Astronomers believe they may have discovered signs of life on the exoplanet K2-18b. The planet itself is only known to them because of the slight flicker that occurs each time it passes between its sun (K2-18) and us, and the indicators of life are the tiny changes in the colour composition of that light that occur at the same time, assumed to be the result of light passing through the planet’s atmosphere. Spectroscopy suggests that these changes indicate the presence of dimethyl sulphide and/or dimethyl disulphide, both of them gases which on Earth are produced by marine algae and bacteria. The planet is so far away that the light being analysed has been travelling towards us for 124 years.

There have been claims like this before which haven’t stood up to further examination -claims, for instance, that the imprints of bacteria had been found found in meteorites of Martian origin – so too much excitement is premature. Also, even supposing that the biological origin of these chemicals is somehow confirmed, this doesn’t mean that K2-18b is populated by organisms like our animals and plants. On Earth, as I understand it, these chemicals are produced by simple prokaryote organisms, and there is a really huge evolutionary leap involved in getting from prokaryotes to the much more complex eukaryotes that are the basis for all large multicellular organisms on Earth.
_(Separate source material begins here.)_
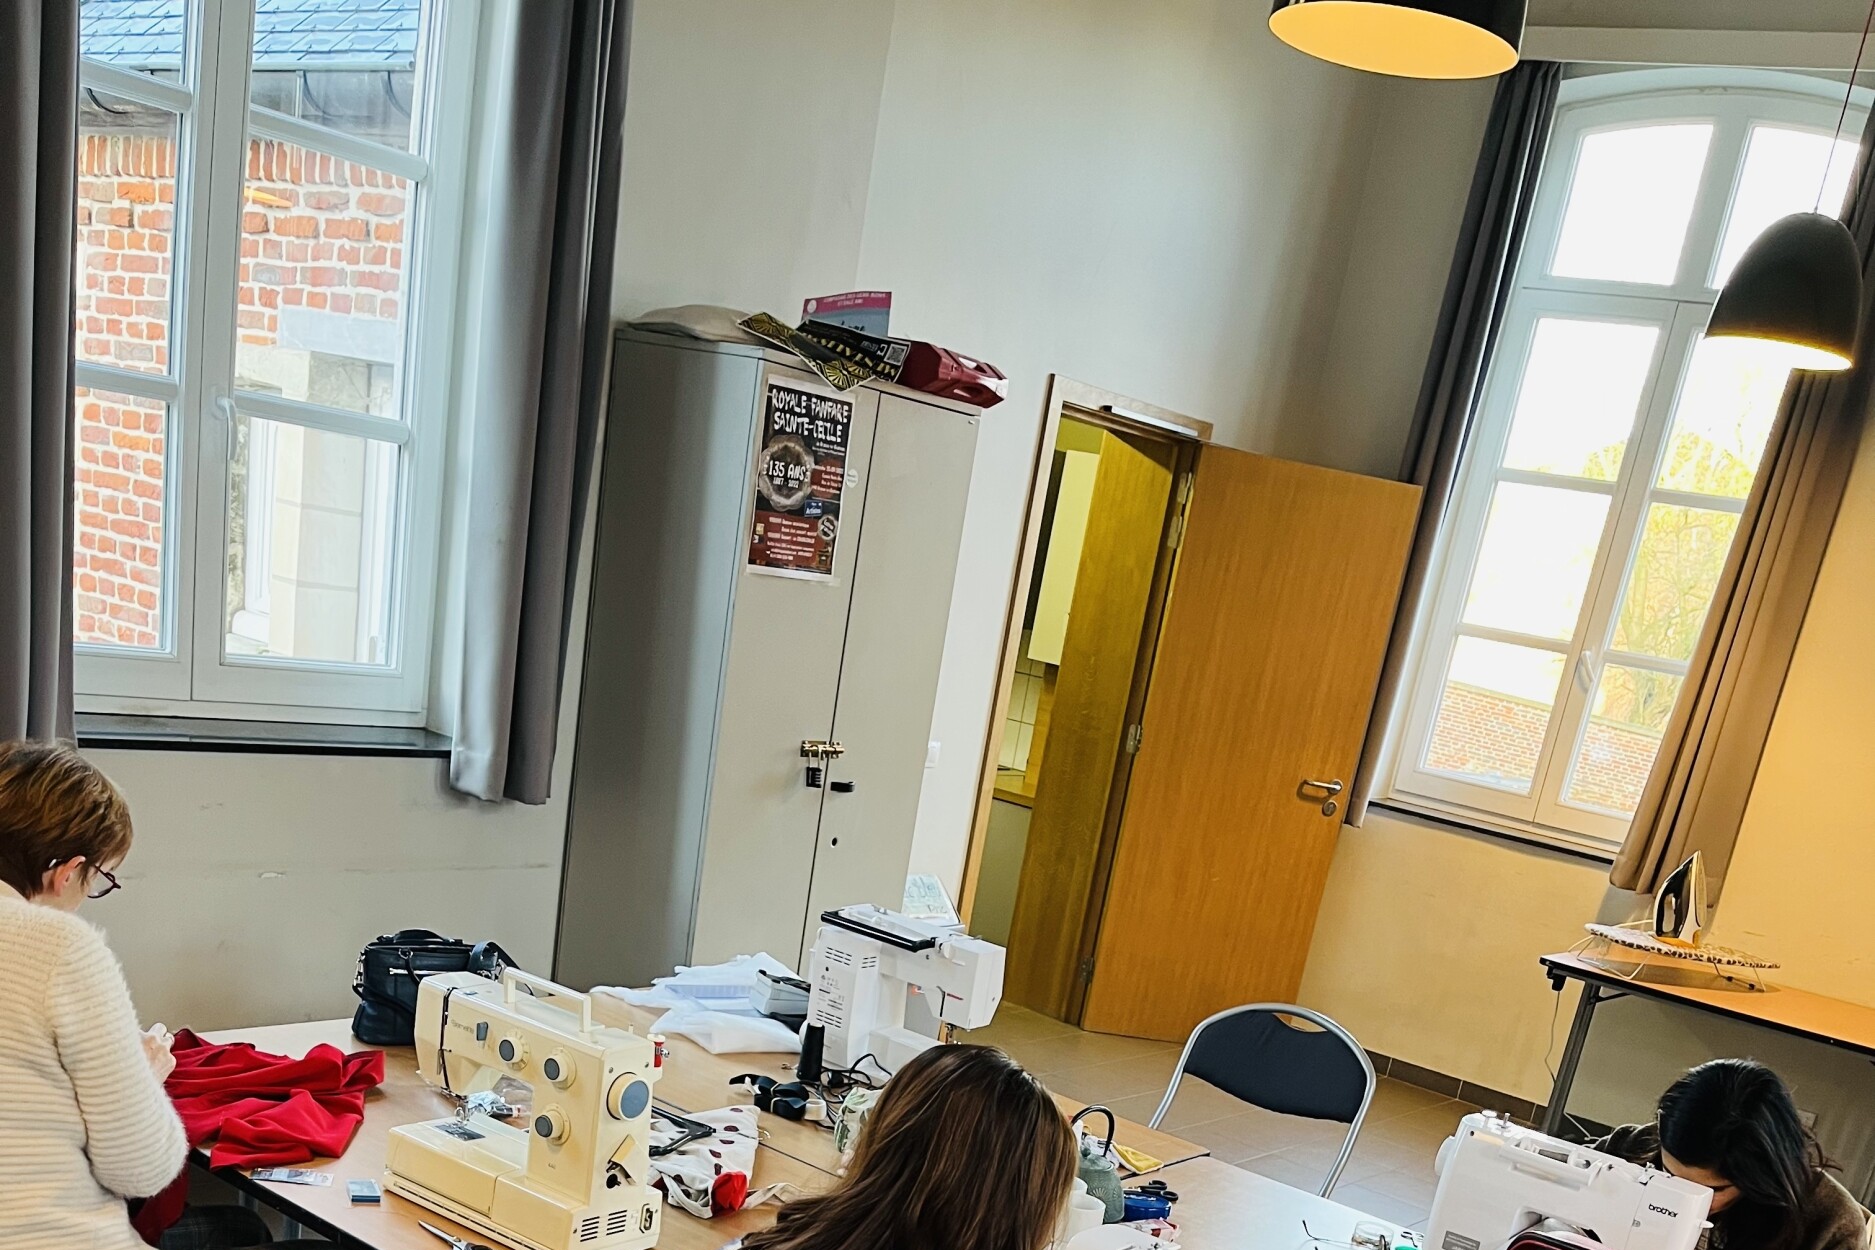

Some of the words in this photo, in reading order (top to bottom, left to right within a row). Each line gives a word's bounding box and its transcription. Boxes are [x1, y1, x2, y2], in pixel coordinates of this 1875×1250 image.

Nevertheless, even the discovery of something resembling bacteria or algae on another planet would represent an enormous change in our knowledge of the universe. As far as we’ve known up to now, life could be unique to our own planet -the result perhaps of a set of coincidences so unlikely as to literally never have occurred anywhere else. But if we know that life also exists on another planet only 124 lightyears away (‘only’ is an odd word to use for such an immense distance, but bear in mind that our galaxy, itself one of billions, is some 90,000 lightyears wide, and 1,000 lightyears deep), it becomes clear that life must be present all over the place. Like the Copernican revolution, proof that this was the case would represent a futher radical decentring of our place in the universe. Or at least it would do so, if it wasn’t for the fact that it doesn’t feel all that surprising. We have been familiar for a long time, after all, with the idea of life on other planets, which has been a staple of science fiction for a century and more.

This, for me, is a reminder that science fiction, dismissed by many as a rather lowly form of writing -escapist entertainment and no more- is a modern form of fantastical literature that burgeoned in the wake of the incredibly rapid scientific and technological changes of the past two centuries, and perhaps serves a rather important cultural function for such a constantly changing world. Interplanetary travel, robots, artificial intelligence… all were explored in fiction long before they actually existed. (Social media admittedly, not so much!) And, just as children’s play helps prepare them for adulthood, science fiction helps us deal with the fact that, unlike people in earlier ages, we live in a time where, within a single lifespan, things will be discovered that will turn upside-down the way we see and interact with the world.

And science fiction also provides a way of visiting, if only in our imaginations, the places in the universe which we know might well exist, but which we know we will never actually see. I mean, how could we bear knowing that there is, or may be, other life out there, without at least speculating about the forms that life might take? And isn’t it the function of all fiction, in fact, to take us to places where we couldn’t otherwise go?